La normalité est-elle un cadeau ? « Je suis normal » donne à réfléchir

26 déc 2017
Être normal·e, vous en aviez rêvé ? C’est en tous cas le cadeau que la famille de P. a décidé de lui offrir. Mais ce choix est-il aussi évident qu’il en a l’air ? Une piste avec ce court-métrage en lice pour le Nikon Film Festival 2018.

Cet article a été rédigé dans le cadre d’un partenariat avec le Nikon Film Festival.
Conformément à notre Manifeste, on y a écrit ce qu’on voulait.

 

« Je voulais tout d’abord vous féliciter pour votre choix ; j’imagine aisément la souffrance qu’engendre cette situation »

C’est sur ces mots accrocheurs que commence le court-métrage réalisé par Paolo Cedolin Petrini, en lice pour le Nikon Film Festival 2018.

Je suis normal, entre angoisse et incompréhension

C’est dans un décor blanc immaculé que s’ouvre cette fiction, et dès les premières secondes, la forte ressemblance avec le style trop propre de Black Mirror m’a frappée.

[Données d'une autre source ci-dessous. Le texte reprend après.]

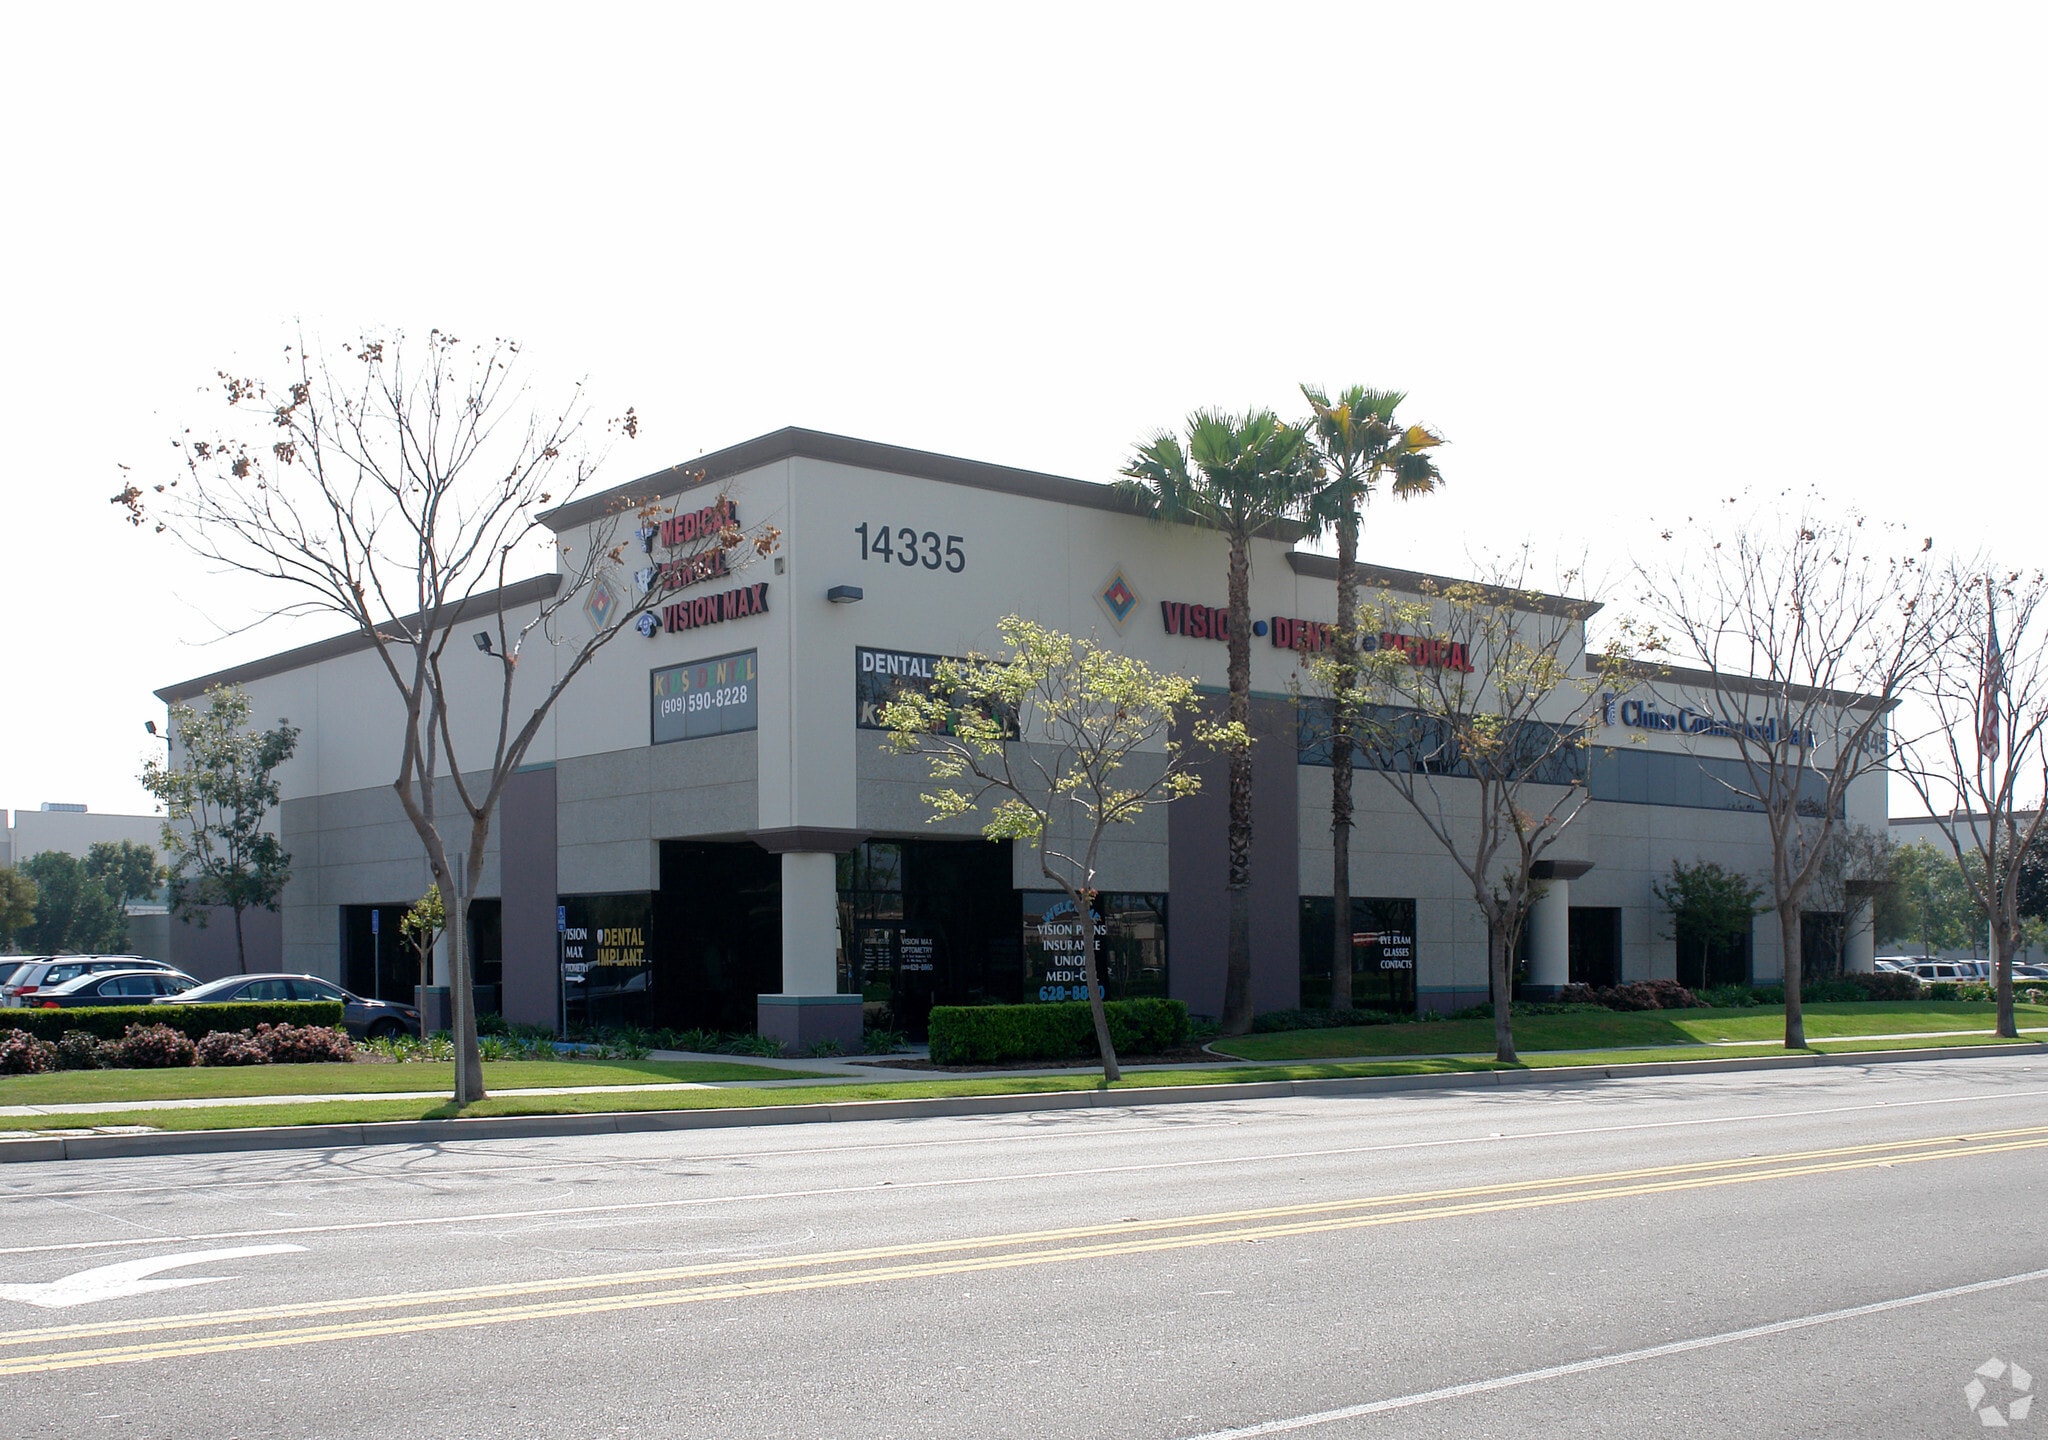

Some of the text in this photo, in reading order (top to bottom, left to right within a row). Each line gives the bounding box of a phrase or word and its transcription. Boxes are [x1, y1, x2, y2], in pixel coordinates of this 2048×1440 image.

[661, 500, 739, 548] MEDICAL
[854, 522, 966, 573] 14335
[662, 583, 768, 633] VISION MAX
[1161, 601, 1244, 641] VISIO
[862, 652, 932, 678] DENTAL
[655, 658, 755, 697] KIDS DENTAL
[661, 684, 748, 718] (909) 590-8228
[1621, 700, 1677, 730] Chino
[603, 928, 645, 946] DENTAL
[1037, 924, 1107, 936] VISION PNS
[1043, 940, 1101, 951] INSURAE
[1380, 936, 1411, 945] EYE EXAM
[565, 946, 584, 958] MAX
[597, 948, 644, 967] IMPLANT
[1054, 955, 1087, 967] UNIO
[1383, 948, 1410, 957] GLASSES
[1380, 960, 1413, 969] CONTACTS
[1046, 971, 1100, 982] MEDI-C
[1039, 986, 1106, 1001] 628-880

J’ai ressenti la même sensation d’anxiété, de « je ne sais pas ce qu’il se passe mais ça ne m’a pas l’air bon » qu’en regardant une dystopie bien flippante.

Mais j’ai rapidement compris de quoi il s’agissait : le protagoniste, P., a reçu pour cadeau la normalité, et ce présent semble particulièrement alléchant.

« Plus de jugements, plus de souffrance, vous pourrez marcher dans la rue la tête haute ».

L’anormalité, je connais, et les souffrances qui peuvent y être liées aussi. Alors quel aurait été mon choix face à cette proposition matrixienne ?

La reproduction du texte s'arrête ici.